* Exercise brief
Ignoring the images, restate the records below word for word.

*** Opening Data ***

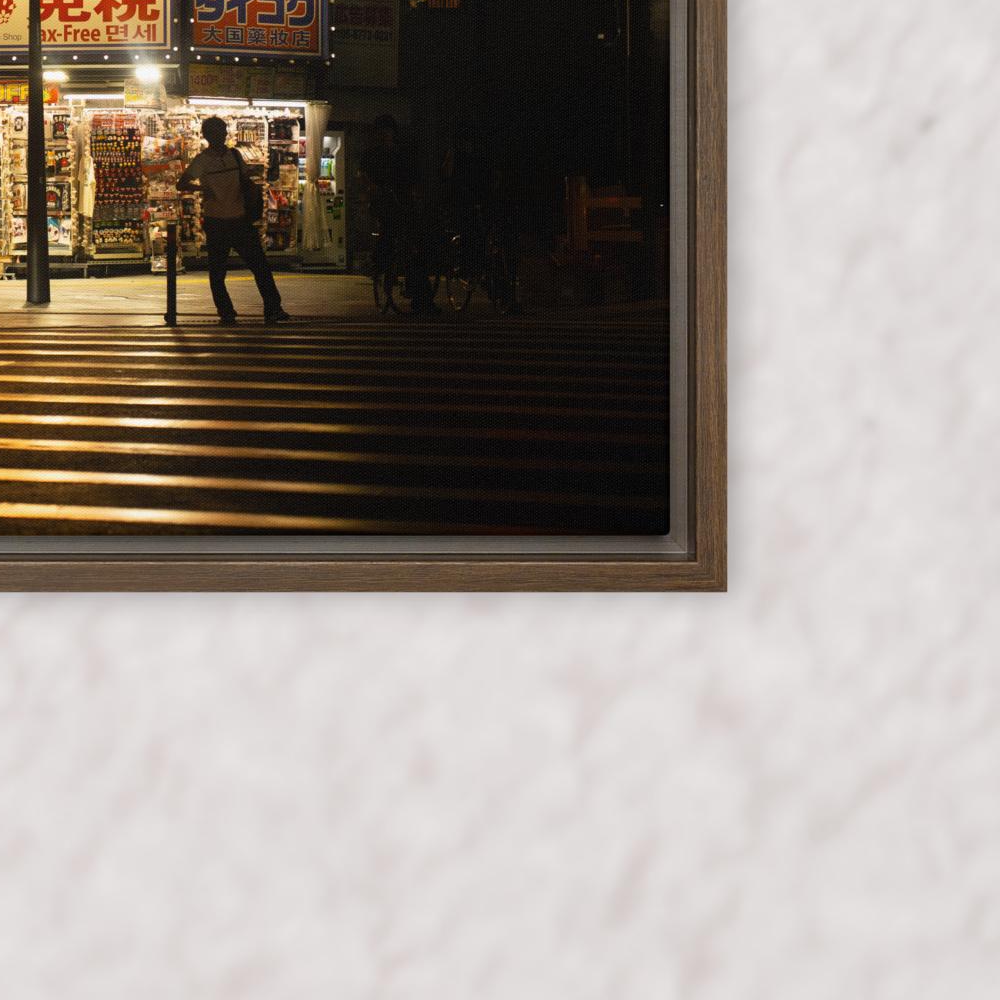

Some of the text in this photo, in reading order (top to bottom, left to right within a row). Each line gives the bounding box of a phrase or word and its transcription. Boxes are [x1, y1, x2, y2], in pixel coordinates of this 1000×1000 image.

[3, 33, 22, 42] Shop
[40, 24, 101, 42] ax-Free
[105, 24, 157, 42] 면세
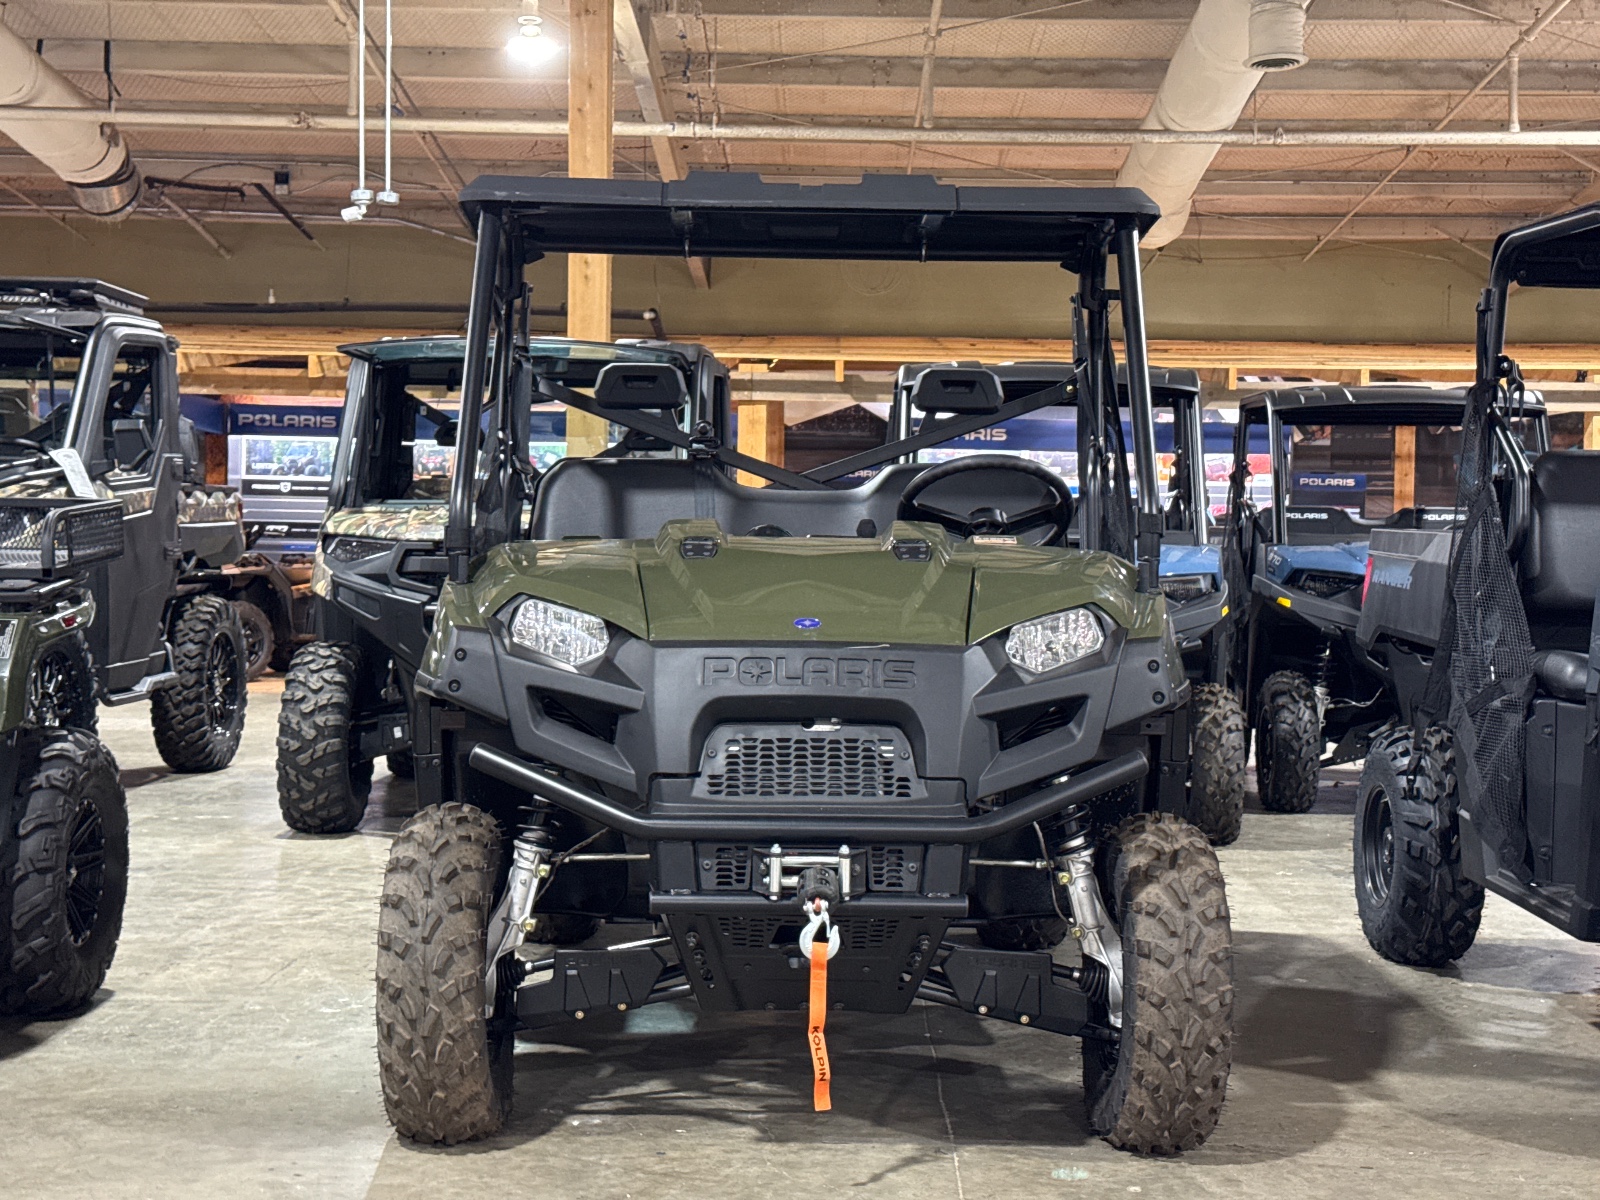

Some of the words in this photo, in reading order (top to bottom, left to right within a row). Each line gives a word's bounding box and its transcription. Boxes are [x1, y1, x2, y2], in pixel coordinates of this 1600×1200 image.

[238, 413, 337, 428] POLARIS
[1299, 477, 1356, 487] POLARIS
[1285, 512, 1329, 520] POLARIS
[702, 656, 917, 689] POLARIS
[811, 1025, 828, 1082] KOLPIN

*** Closing Data ***

* Solution for this problem
Some of the text in this photo, in reading order (top to bottom, left to right within a row). Each line gives the bounding box of a phrase or word and its transcription. Boxes are [x1, y1, x2, y2], in pixel coordinates of this 1000×1000 image.

[3, 33, 22, 42] Shop
[40, 24, 101, 42] ax-Free
[105, 24, 157, 42] 면세

Some of the words in this photo, in reading order (top to bottom, left to right within a row). Each line gives a word's bounding box and its transcription. Boxes are [x1, y1, x2, y2], in pixel coordinates of this 1600×1200 image.

[238, 413, 337, 428] POLARIS
[1299, 477, 1356, 487] POLARIS
[1285, 512, 1329, 520] POLARIS
[702, 656, 917, 689] POLARIS
[811, 1025, 828, 1082] KOLPIN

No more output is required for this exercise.